Отчим изучающе посмотрел на меня, пытаясь определить, разгадал ли я его намек.

— До писем о приеме в колледж, — улыбнулся он.

— Или об отказе в приеме.

— Ривер, — вздохнул Леонард. Было только одиннадцать утра, а я его уже рассердил. — Ты должен этого хотеть. Это слишком важно, слишком непросто и очень дорого, чтобы можно было совершить ошибку.

— О чем ты беспокоишься? Тебе это все равно ничего не стоит.

Проклятие. Зачем я это сказал?

Я тут же попытался оправдаться:

— Извини. Я не имел в виду ничего такого. Я правда очень благодарен…
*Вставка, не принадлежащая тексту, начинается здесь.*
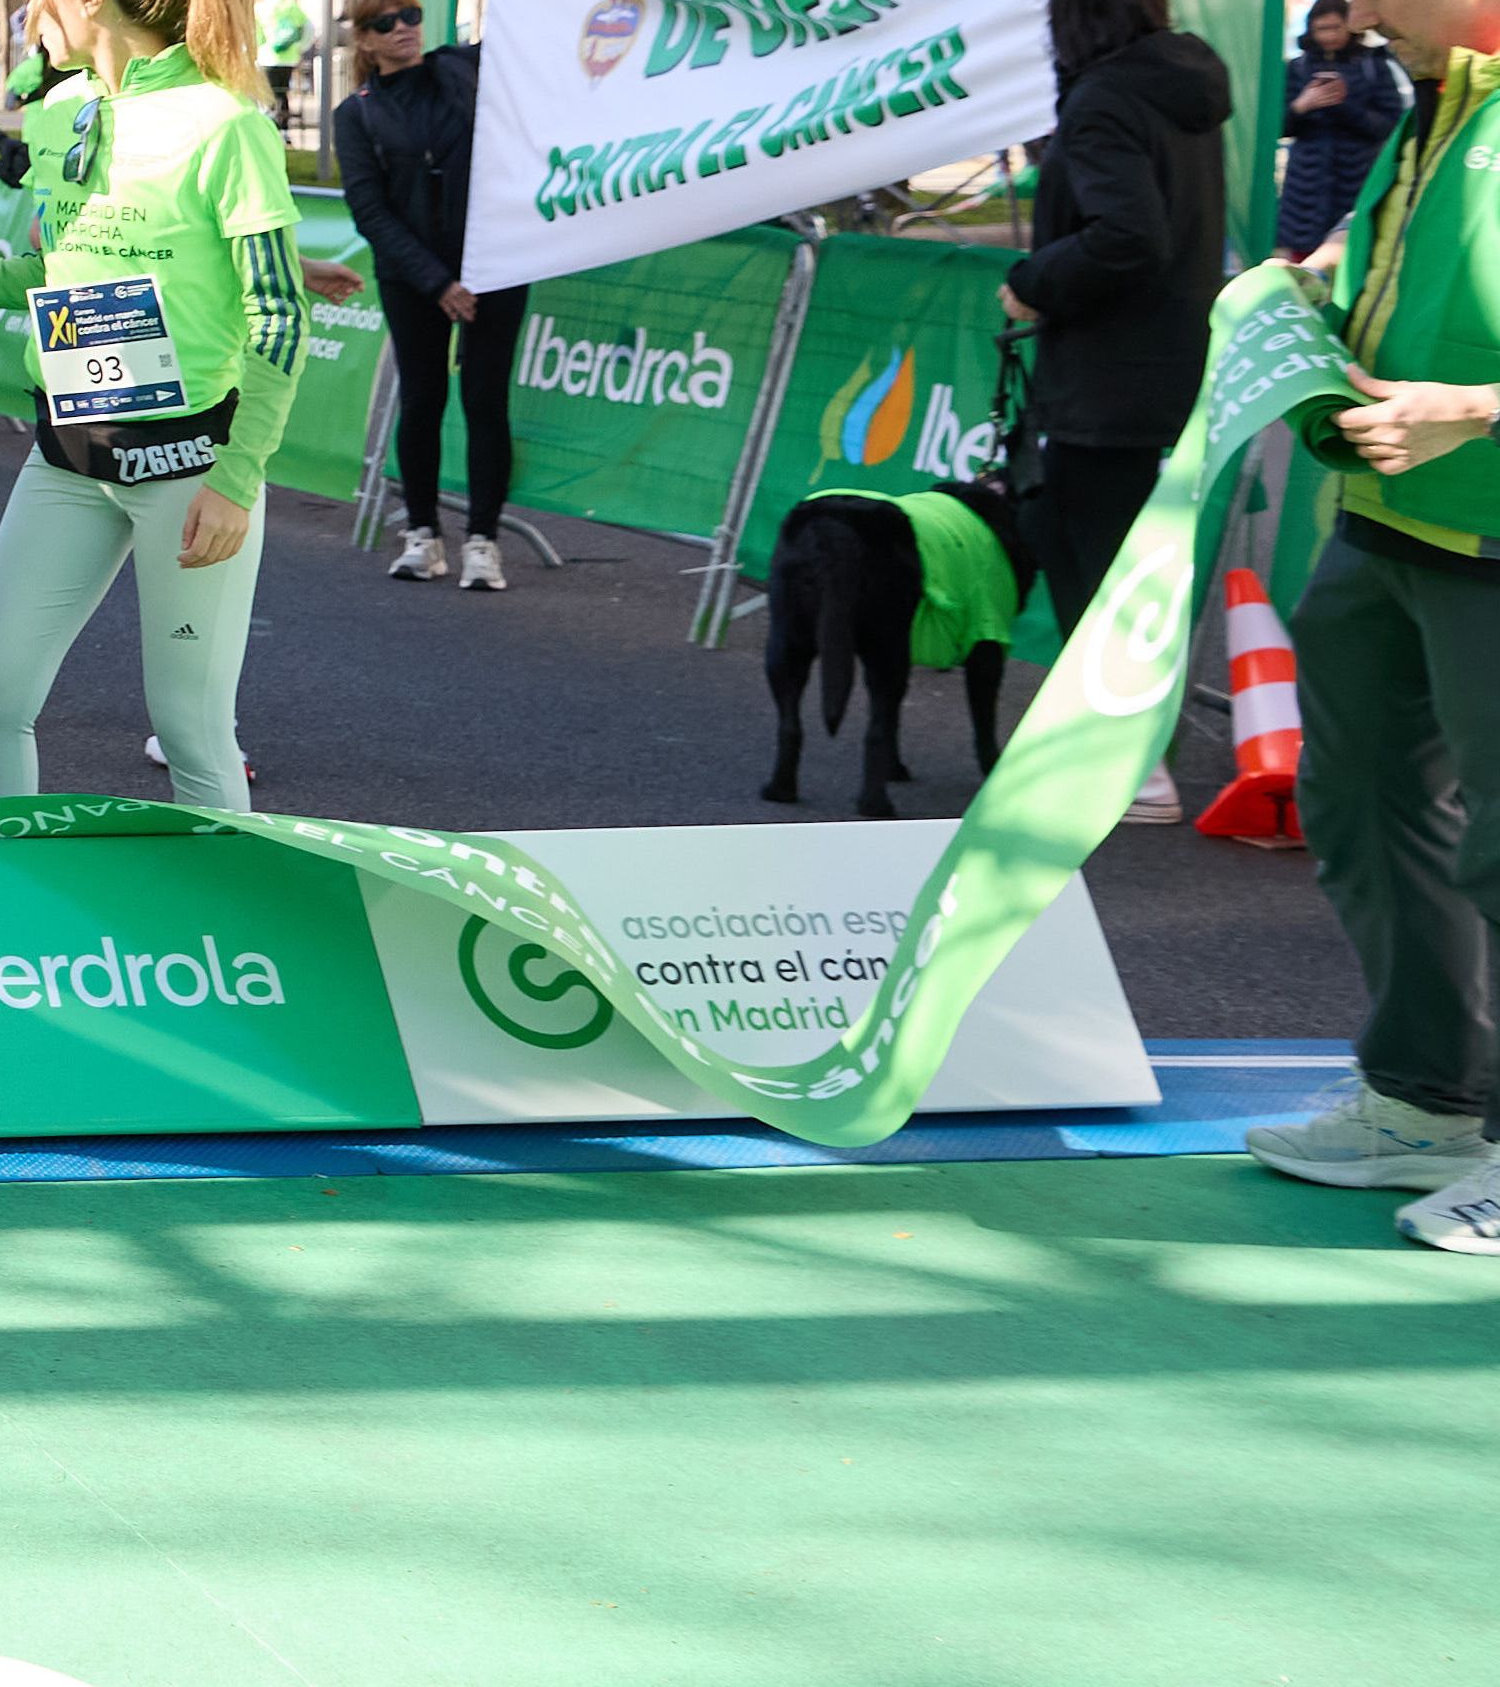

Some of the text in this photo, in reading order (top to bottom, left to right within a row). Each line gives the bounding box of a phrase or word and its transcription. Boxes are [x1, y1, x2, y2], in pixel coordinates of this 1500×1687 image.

— Замолчи, Ривер. Пожалуйста. — Леонард повернулся спиной к витрине с фруктами и посмотрел на меня: — Я знаю, что ты не имел в виду ничего такого, и знаю, как это странно, когда твой биологический отец платит за колледж. Если бы я мог сказать ему, чтобы он забрал свои деньги и сунул их себе в задницу, поверь, я бы так и сделал, но я не могу, как не могу позволить гордости, твоей или моей, помешать использовать эту удивительную возможность. И никогда не благодари меня за то, что я веду себя с тобой как отец, потому что это одна из величайших привилегий в моей жизни.